Is safe drinking water in rural Tulare County emerging from red tape?

The Fresno BeeAugust 25, 2013 

Chris Kapheim, the head of Alta Irrigation District, worked a decade on getting fresh Kings River water for seven northern Tulare County towns where people fear their tainted tap water.

He succeeded in getting the water, but many more years may pass before people are drinking it.

River water needs to be treated before going to people's taps. But for years, a treatment plant project has been lost in a bureaucratic Bermuda Triangle. It has been a struggle to even get public money for a feasibility study.

"We've done our part," said Kapheim, general manager of Alta. "But for whatever reason, nothing else has seemed to go quickly on this project."

Could that be changing? The California Department of Public Health, which doles out public money for drinking water fixes, says it is on the verge of funding the feasibility study.

RELATED: "Don't Drink the Water" special report

Accused of footdragging for years in the San Joaquin Valley, the agency said in an email last week: "CDPH expects a planning funding agreement for the regional portion of the feasibility study to be issued shortly."

A previous attempt at such funding in 2011 looked promising, too. It folded after many months of seemingly good cooperation between public health officials and the communities.

Public health ultimately dropped the application low on the funding priority list, saying the effort was led by a utility district that was actually in compliance with water standards at the time.

Now, Tulare County is leading, but the furor following the 2011 decision and technical delays in state funding for other towns led to Assembly Bill 145, introduced by Assembly Members Henry T. Perea, D-Fresno, and Anthony Rendon, D-Lynwood.

The bill — on hold for the moment in Senate appropriations — would move drinking water programs from the Department of Public Health to the State Water Resources Control Board.

"We need to create a water governance structure we can hold accountable," Perea said this year.

Water activists in Tulare County support the bill. At the same time, they say they appreciate the state carefully considering the treatment plant, taking into account the amount of water available, the costs and the rural communities' ability to pay for maintenance.

"I just wish CDPH had done this a few years ago," said Maria Herrera of the Community Water Center, an advocacy group based in Visalia. "The process is not clear."

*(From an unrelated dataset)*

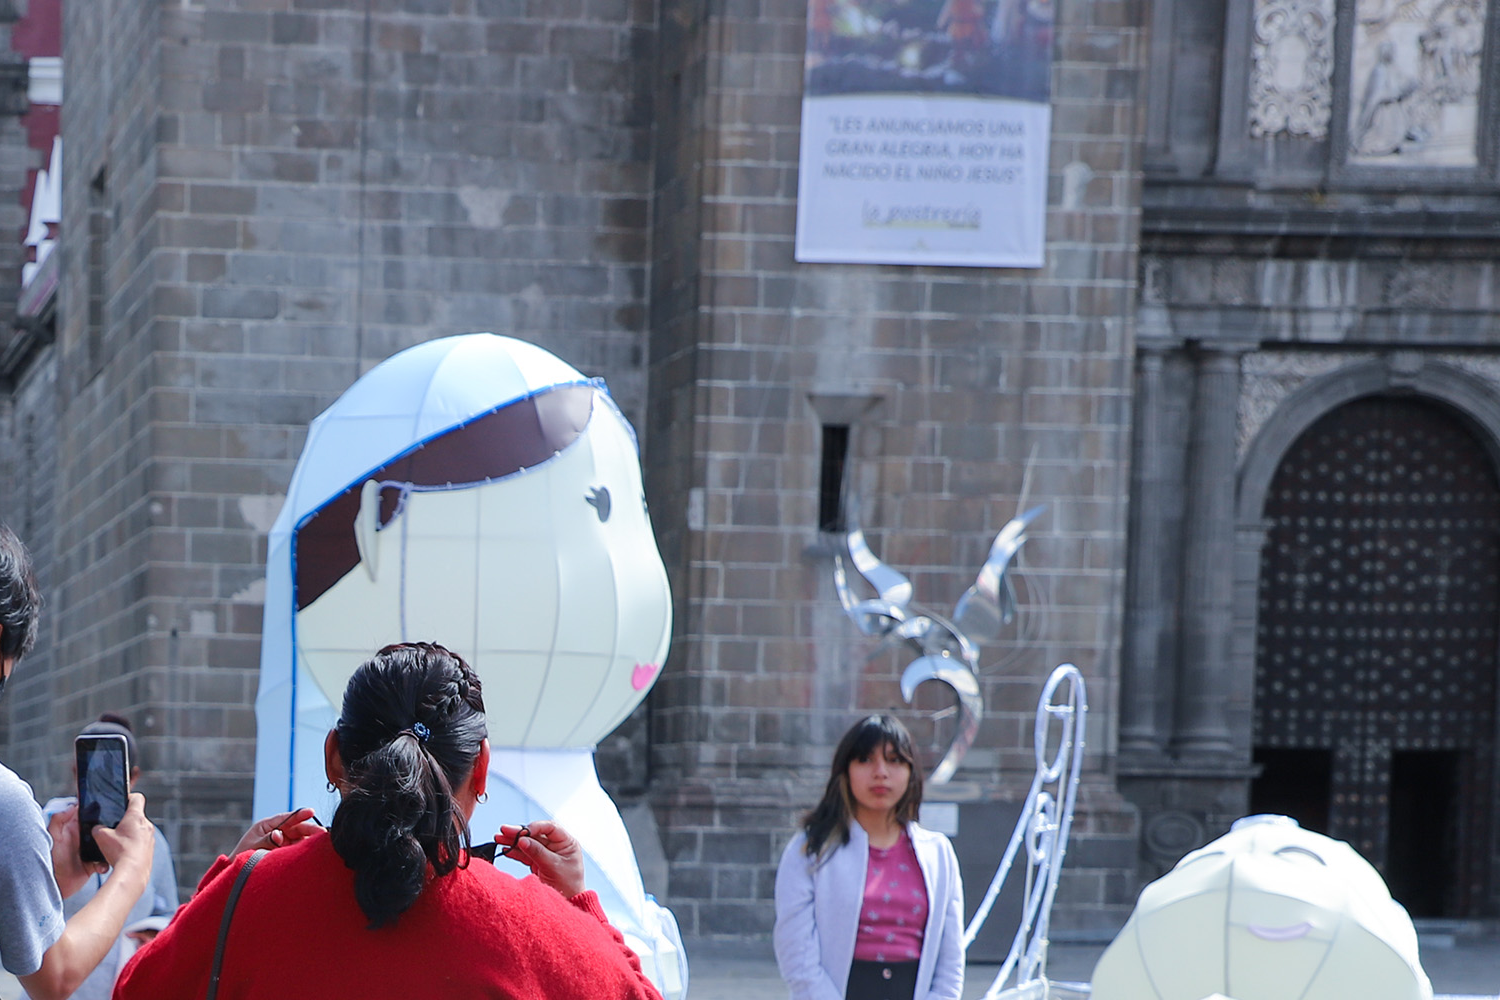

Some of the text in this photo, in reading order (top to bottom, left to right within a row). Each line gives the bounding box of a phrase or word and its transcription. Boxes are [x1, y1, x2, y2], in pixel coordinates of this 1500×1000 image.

The public health agency has been working with northern Tulare County and the towns, according to Mark Starr, deputy director of CDPH's Center for Environmental Health.

"CDPH is currently addressing most of the water systems in the proposal by providing funds for studies, new wells and/or treatment," he said in an email. "CDPH requested a meeting last October with all stakeholders that resulted in the current regional feasibility process."

The health department has taken flak in the past few years about delays.

In 2011, The Bee published a series of stories called "Don't Drink the Water" that revealed frustrations in Tulare County and documenting delays in public funding from the Department of Public Health.

This year, the U.S. Environmental Protection Agency publicly scolded the state health department for not investing more than $450 million in federal drinking water improvement money in California. The department in June issued a plan to use more than $800 million by 2016.

Many of the seven towns in northern Tulare County — Cutler, Orosi, East Orosi, Monson, Seville, Sultana and Yettem — have experienced delays in getting healthy water. The combined population of all the towns and homes in outlying areas is estimated at about 15,000.

Kings River water and a regional treatment plant probably would solve their contamination problems.

The region's underground water is tainted with nitrates, a chemical resulting from farm fertilizers, septic systems, dairy waste, waste treatment plants and rotting vegetation.

Nitrates have been linked to cancer, birth defects and a potentially deadly blood disease in infants, called blue baby syndrome. Even when town wells are pumping healthy water, residents do not trust their water supply.

For the past decade or so, the small water systems in these towns have been wading through the state bureaucracy for public money to drill new wells or try to hook up with a nearby community that has safe supplies.

Experts say it makes more sense to get Kings River water to bring the drinking water into compliance with standards. The treated river water could be blended with town well water, a common way to dilute contamination and meet water quality standards.

The extra river water would come through water banking. Alta Irrigation District would allow excess water to seep into the ground on wet years. Farmers could use the water in the groundwater bank, thus freeing up river water for communities.

The district obtained nearly $4 million in state money to set up extraction wells and other parts of the banking project.

Engineer Dennis Keller, who represents Orosi Utility Public District, said the plant could cost between $17 million and $20 million. If the feasibility study starts soon, it could be constructed and ready to go in five or six years, he said.

"Bottom line, if everything falls into place, it's still a number of years away," Keller said.